GT: Quando apercebeu que queria seguir esta carreira?

AD: Nunca senti click nenhum para ser ator. As coisas foram acontecendo e nunca fiz grandes opções. Lembro de ter feito uma opção na minha vida que foi decidir onde queria ir tirar o meu curso. As coisas foram acontecendo pouco a pouco e fui sendo levado pela torrente. Desse ponto de vista sou um felizardo ou um infeliz, porque nunca tive esses problemas existencialistas de pensar o que vai ser de mim quando for grande.

Fiz muitas coisas diferentes. Já fui empregado de mesa, andei com carrinho de lixo, trabalhei em fábricas, estudei… Trabalhei nas coisas mais variadas e não fiz propriamente opções.

GT: Alguma vez pensou em desistir?

AD: Penso imensas vezes fazer outras coisas. Não digo desistir porque é uma palavra muito forte. Se um dia decidir fechar esta porta não irá acontecer nada de especial, não sou dos que dizem: “ai, se não fizer teatro morro”. Não morro coisa nenhuma. Posso morrer por outras razões do coração, de uma trombose ou de velhice que seria muito agradável.

Às vezes penso que se sofre demais para fazer teatro, mas chego logo à conclusão de que se sofre muito em todo o lado. Para mim, antes do pano abrir, aqueles minutos de espera são muito violentos e as coisas estão a ser cada vez mais difíceis e pesadas. Pensava que à medida que os anos fossem passando e os espetáculos se fossem repetindo se tornaria mais fácil, mas acontece exatamente o contrário.

GT: Consegue sair facilmente da personagem?

AD: Eu nunca sou a personagem, sou sempre o António Durães. O António Durães que para fazer este ou aquele papel vai procurar dentro das suas memórias as referências para fazer a personagem. Não encarno coisa nenhuma. Não há nada de metafísico, nem espiritual. Eu sou o cidadão António Durães que faz a vida que toda a gente faz e que também faz teatro. Nada mais do que isso. A brincar com os meus amigos digo muitas vezes que faço teatro como o meu pai fez pão, que era padeiro. Os meus dramas são os dramas que ele tinha: Será que a massa está boa? Será que levedou? Será que o forno está na temperatura certa? Faço o meu trabalho da mesma maneira e com a mesma paixão.

GT: Há algum papel que lhe tenha ficado na memória?

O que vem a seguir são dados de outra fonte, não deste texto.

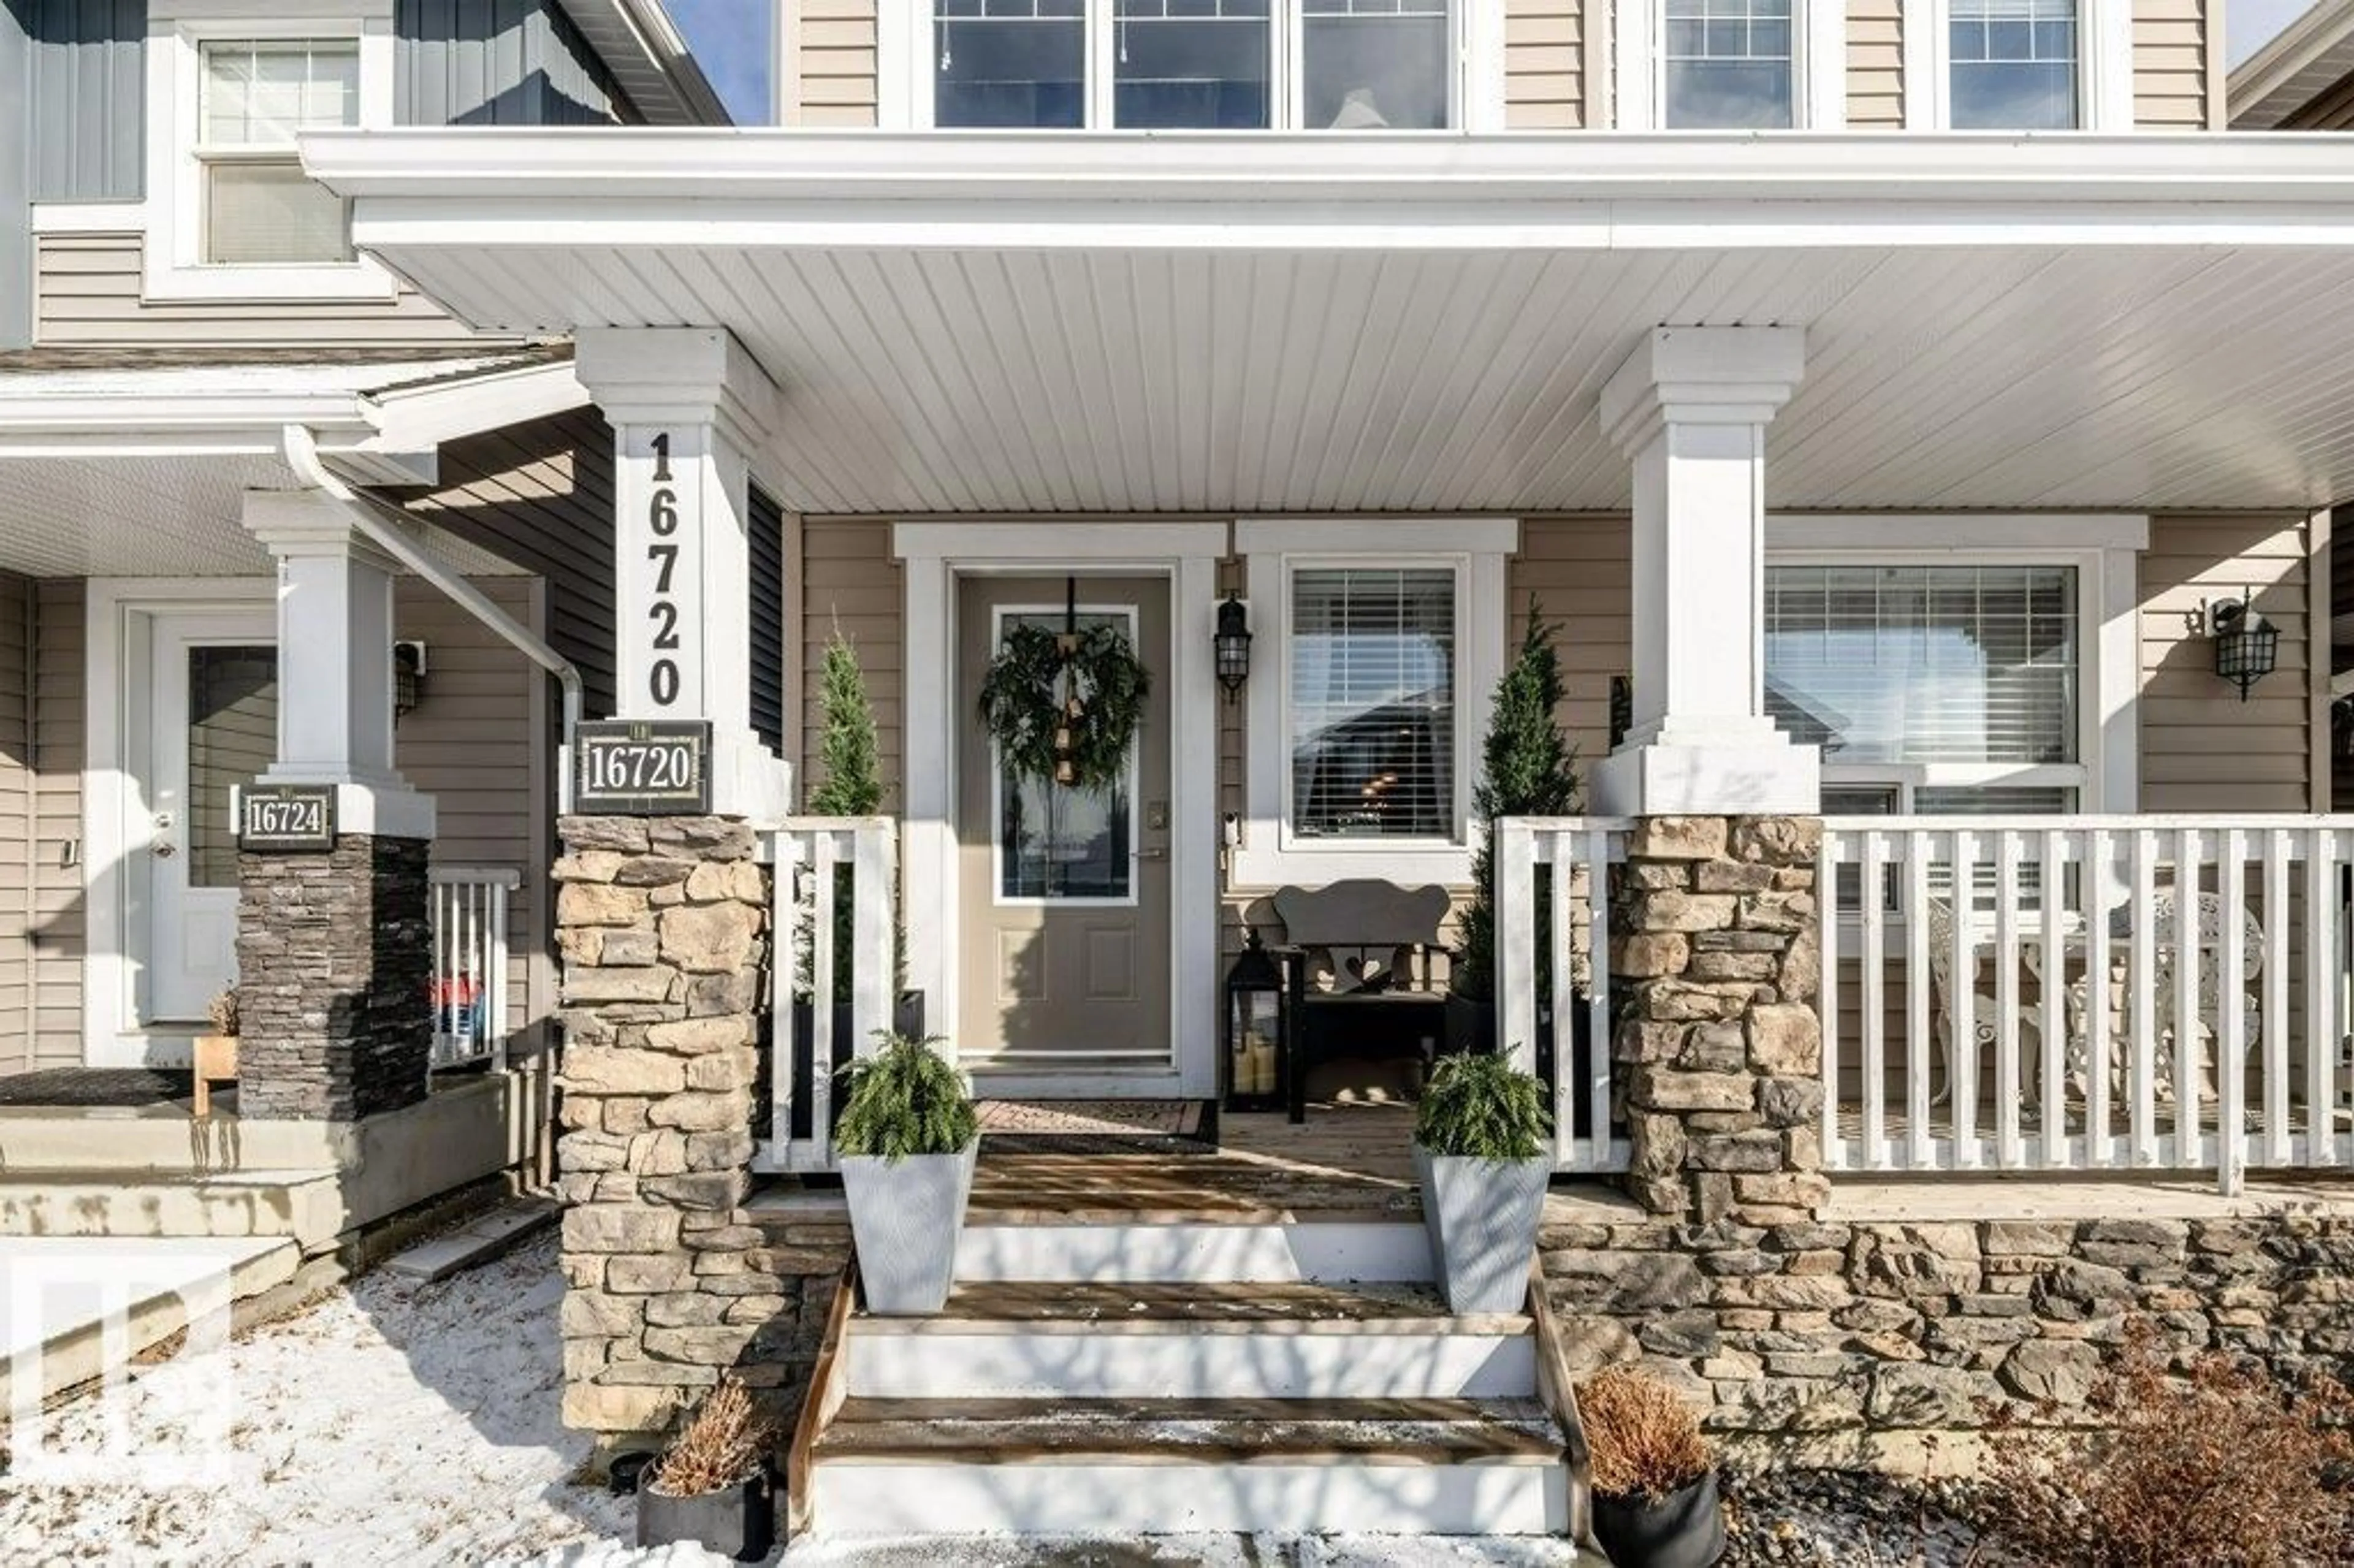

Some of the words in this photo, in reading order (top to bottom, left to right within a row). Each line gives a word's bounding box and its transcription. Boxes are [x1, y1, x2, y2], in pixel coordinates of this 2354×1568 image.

[648, 432, 679, 706] 16720
[591, 746, 689, 788] 16720
[252, 802, 320, 832] 16724

AD: Vários. Cada trabalho é importante sobretudo quando o estamos a fazer. Depois o tempo passa, olhámos para trás e pensámos: que coisa estranha que fiz. Às vezes sabemos no momento que as coisas estão a sair ao lado, talvez porque estamos muito envolvidos e não somos capazes de destrinçar o certo do errado. Houve um espetáculo que fiz na Figueira da Foz, que não marca a minha passagem para o profissionalismo, mas foi o último espetáculo que fiz enquanto ator amador antes de ir estudar teatro. Chamava-se Despedida de Solteiro e a partir daí sabia que as coisas iam mudar. Há um outro que também me marcou e que foi o primeiro espetáculo que fiz como encenador e, não por acaso, voltei a reunir esses amigos da Figueira.

GT: E autores?

Adoro Shakespeare. É um dos grandes poetas que temos a oportunidade de ler. Dizer as suas palavras é um grande privilégio. Gosto muito das palavras que as pessoas escrevem independentemente de ser ou não para teatro.